After this contract has been in full force and effect for one year, either party hereto may cancel it as of the next succeeding May 1st, or of any year thereafter, by notifying the other party in writing of his or its intention, such notice to be given during the month of March immediately prior to the effective date of cancellation. If neither of the parties cancels this agreement on or before May 1st of any year, as aforesaid, it is hereby mutually agreed that the fact shall constitute conclusive evidence that the parties hereto have renewed this contract for another year.
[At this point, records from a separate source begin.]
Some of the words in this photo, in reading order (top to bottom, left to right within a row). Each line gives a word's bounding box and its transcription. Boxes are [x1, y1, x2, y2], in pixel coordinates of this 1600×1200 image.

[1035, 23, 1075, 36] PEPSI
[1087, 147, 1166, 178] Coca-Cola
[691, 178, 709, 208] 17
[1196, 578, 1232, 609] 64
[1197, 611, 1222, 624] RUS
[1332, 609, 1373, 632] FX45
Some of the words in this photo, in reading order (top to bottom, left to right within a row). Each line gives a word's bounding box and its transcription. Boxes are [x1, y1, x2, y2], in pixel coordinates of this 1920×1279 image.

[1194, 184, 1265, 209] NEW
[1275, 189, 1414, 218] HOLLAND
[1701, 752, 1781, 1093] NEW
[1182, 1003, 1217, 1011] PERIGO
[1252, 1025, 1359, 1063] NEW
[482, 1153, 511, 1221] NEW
The defendant Hardin’s dairy is located in Catoosa County, Georgia. Desiring to market his milk through another association based in Atlanta, Georgia, the defendant consulted with the resident manager of the plaintiff Association in Chattanooga, Tennessee, on or about August 1, 1973, regarding the termination of his agreement. Having checked the anniversary date on the contract, the resident manager advised Mr. Hardin that he could terminate his contract by giving 30 days’ notice on that date. Mr. Hardin accordingly gave notice as follows:

“August 1st, 1973, TO: Dairymen, Inc.
This is to advise you that I do not wish to renew my contract on its expiration date in 1973.
Signed — D. T. Hardin”

Thereupon Mr. Hardin executed a contract with the Atlanta association and ceased delivery of his dairy products to [1105]*1105the plaintiff Association on or about August 31, 1973. On that same date the regional manager of the plaintiff Association advised Mr. Hardin that his attempted cancellation was not in accordance with the provisions of paragraph 9 of his contract and that his contract accordingly would not be subject to a notice of cancellation until March of 1974, to be effective as of May 1, 1974.
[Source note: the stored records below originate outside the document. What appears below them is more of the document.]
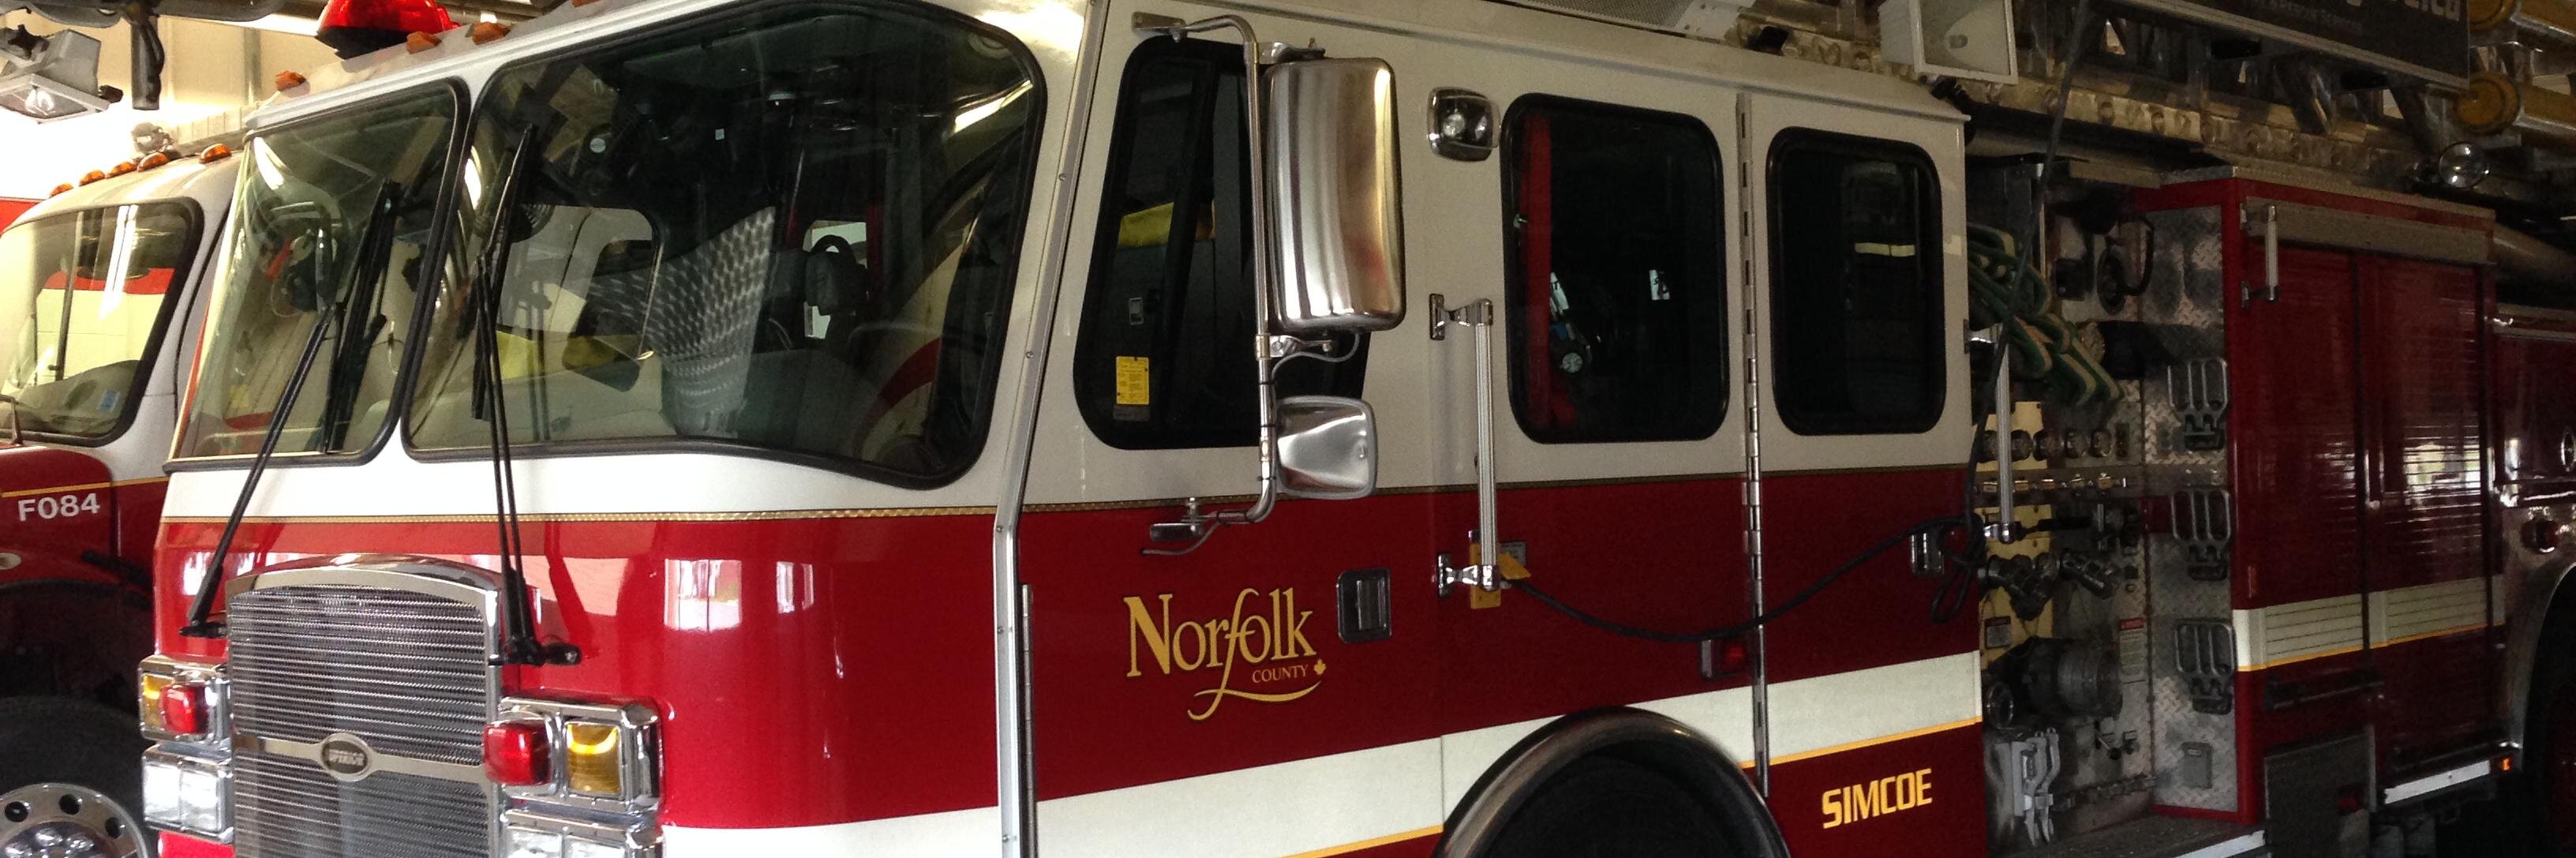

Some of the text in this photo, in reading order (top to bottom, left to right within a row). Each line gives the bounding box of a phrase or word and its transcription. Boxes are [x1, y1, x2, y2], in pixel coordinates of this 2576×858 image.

[1124, 587, 1317, 720] Norfolk
[1252, 664, 1309, 684] COUNTY
[1822, 768, 1933, 829] SIMCOE
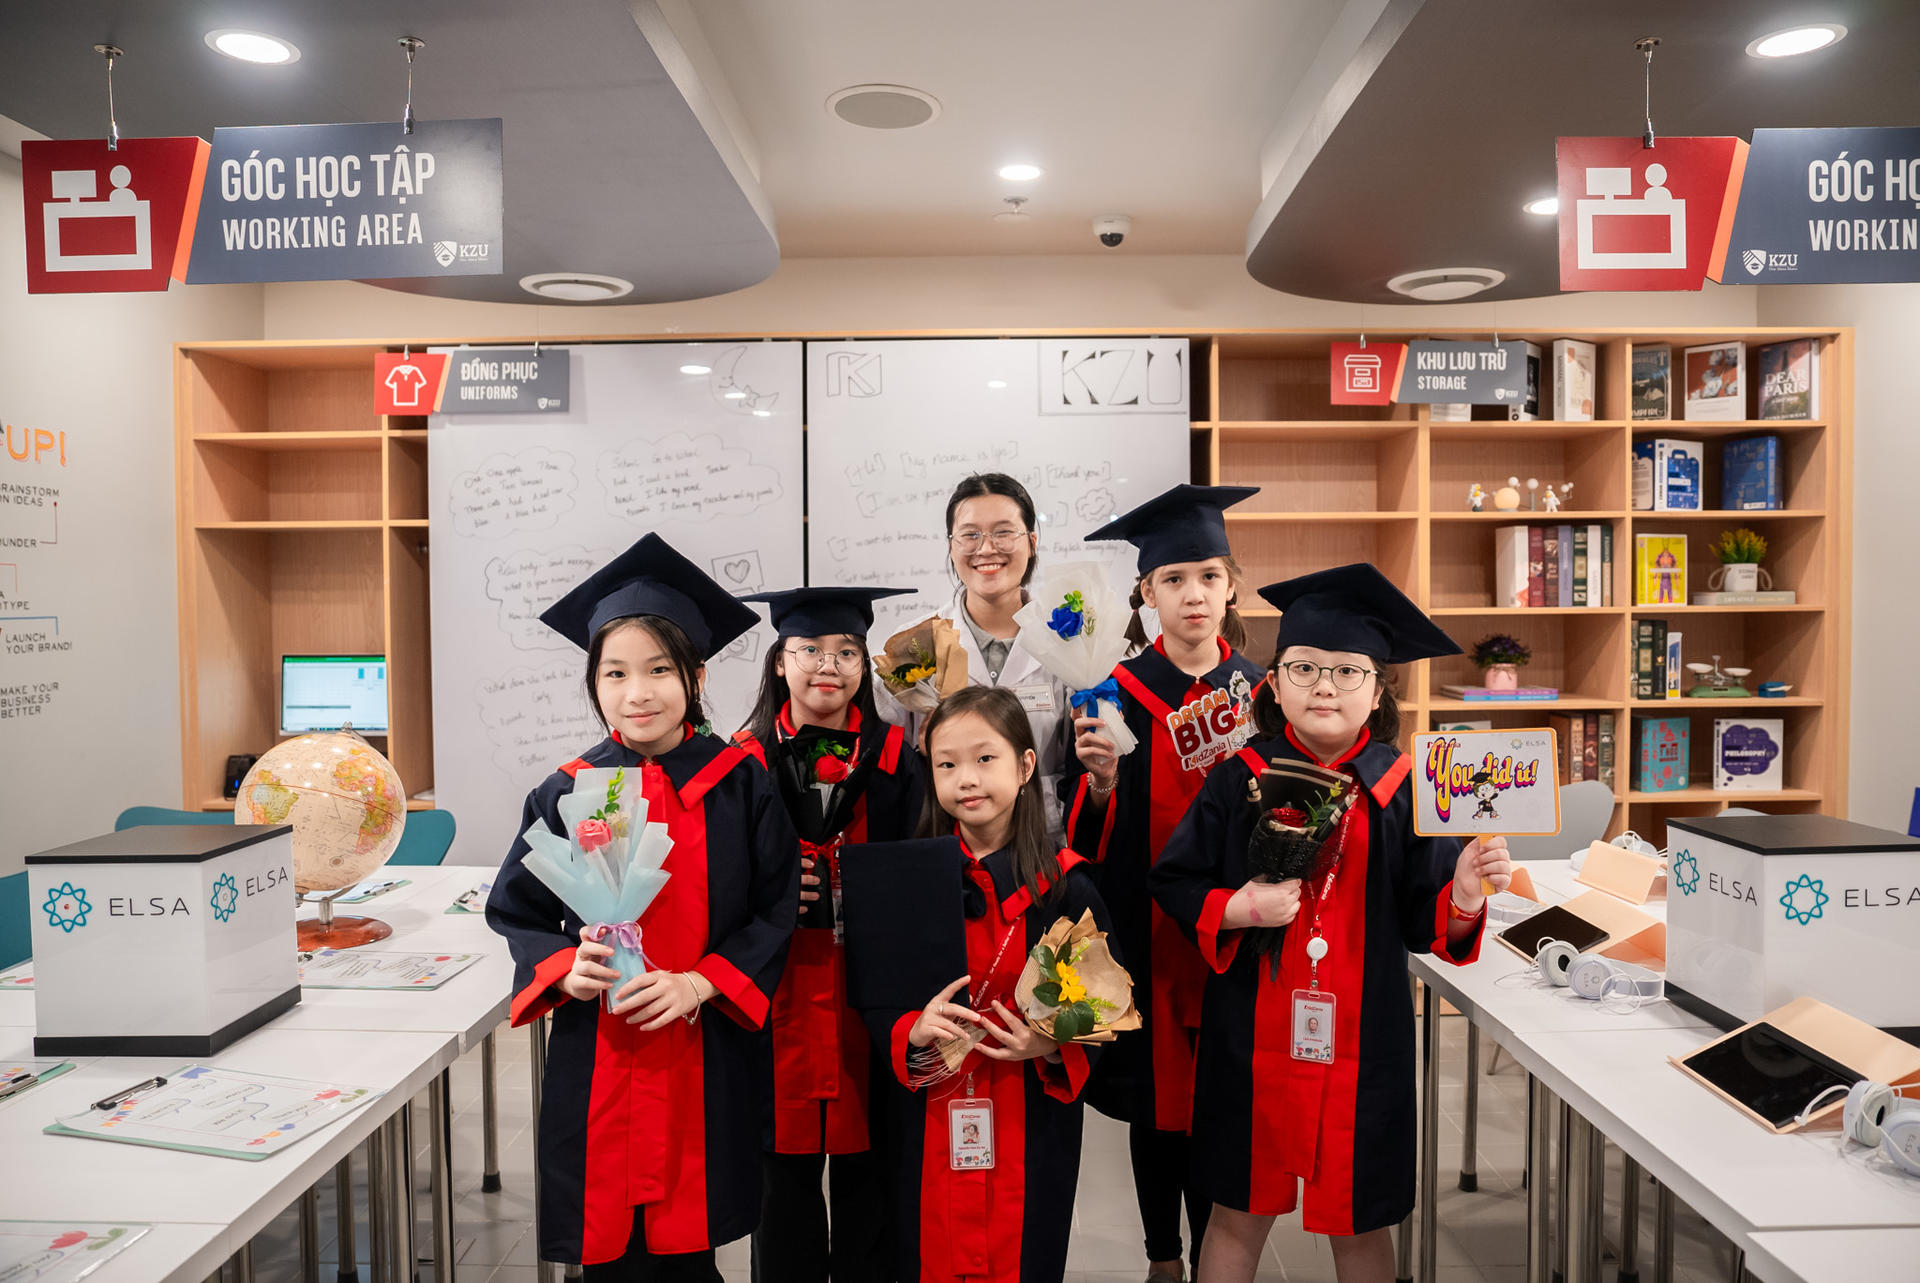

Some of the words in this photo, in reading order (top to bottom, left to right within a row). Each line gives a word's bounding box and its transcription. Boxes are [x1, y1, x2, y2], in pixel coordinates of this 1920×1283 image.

[221, 150, 285, 201] GÓC
[296, 155, 361, 207] HỌC
[370, 145, 435, 204] TẬP
[1808, 151, 1874, 202] GÓC
[1885, 158, 1920, 210] HỌ
[222, 216, 345, 251] WORKING
[356, 213, 423, 247] AREA
[1809, 219, 1918, 251] WORKIN
[460, 244, 488, 257] KZU
[1769, 254, 1798, 266] KZU
[1417, 352, 1446, 370] KHU
[1450, 350, 1476, 370] LƯU
[1480, 349, 1507, 370] TRỮ
[461, 357, 498, 381] ĐỒNG
[502, 362, 538, 383] PHỤC
[1062, 349, 1183, 405] KZU
[1418, 376, 1467, 390] STORAGE
[1764, 381, 1809, 397] PARIS
[461, 386, 518, 400] UNIFORMS
[0, 424, 66, 467] UP!
[0, 483, 60, 497] RAINSTORM
[14, 496, 43, 507] IDEAS
[0, 537, 37, 548] UNDER
[0, 601, 30, 611] TYPE
[6, 633, 46, 643] LAUNCH
[6, 644, 35, 654] YOUR
[39, 642, 73, 652] BRAND!
[1, 685, 28, 696] MAKE
[32, 682, 59, 692] YOUR
[1, 693, 51, 708] BUSINESS
[1, 705, 42, 719] BETTER
[1169, 689, 1229, 730] DREAM
[1174, 703, 1236, 756] BIG
[1184, 741, 1226, 770] KidZania
[1725, 749, 1766, 757] PHILOSOPHY
[1427, 738, 1474, 816] You
[1481, 752, 1512, 785] did
[1515, 759, 1539, 787] it!
[246, 866, 288, 897] ELSA
[1709, 873, 1758, 906] ELSA
[110, 898, 190, 916] ELSA
With reference to the defendant Smith, the evidence upon the heaping reflected that he signed a marketing agreement with the plaintiff effective as of September 14, 1972. That agreement contained the following provision with reference to termination:

After this Agreement has been in full force and effect for one year, either party hereto may cancel it by giving written notice of such cancellation to the other party not more than forty-five (45) days nor less than thirty (30) days prior to the anniversary date of such contract. Such notice shall be deemed to be given when posted by certified mail, properly addressed to the other party at his or its last known address, but if neither of the parties hereto cancels this Agreement as aforesaid, it is hereby mutually agreed that that fact shall constitute conclusive evidence that the parties hereto have renewed this Agreement for another year .
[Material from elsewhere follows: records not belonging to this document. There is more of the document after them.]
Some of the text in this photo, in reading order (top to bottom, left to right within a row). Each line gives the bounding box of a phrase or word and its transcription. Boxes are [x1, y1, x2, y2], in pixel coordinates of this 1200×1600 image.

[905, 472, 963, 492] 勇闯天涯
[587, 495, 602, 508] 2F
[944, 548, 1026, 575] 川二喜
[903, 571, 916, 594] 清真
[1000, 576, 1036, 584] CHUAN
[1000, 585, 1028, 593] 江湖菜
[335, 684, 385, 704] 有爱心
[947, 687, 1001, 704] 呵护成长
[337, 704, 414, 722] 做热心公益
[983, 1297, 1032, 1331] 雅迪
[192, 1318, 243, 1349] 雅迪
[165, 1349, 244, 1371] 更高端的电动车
Under date of August 3, 1973, the defendant Smith notified the plaintiff by letter as follows:

“This notice is to inform you that effective September 14, 1973, which is the anniversary date of our contract, we are terminating our contract with Dairymen, Inc. This notice is in accordance with paragraph 10 of the said contract.”

The plaintiff declined to accept this cancellation, advising Mr.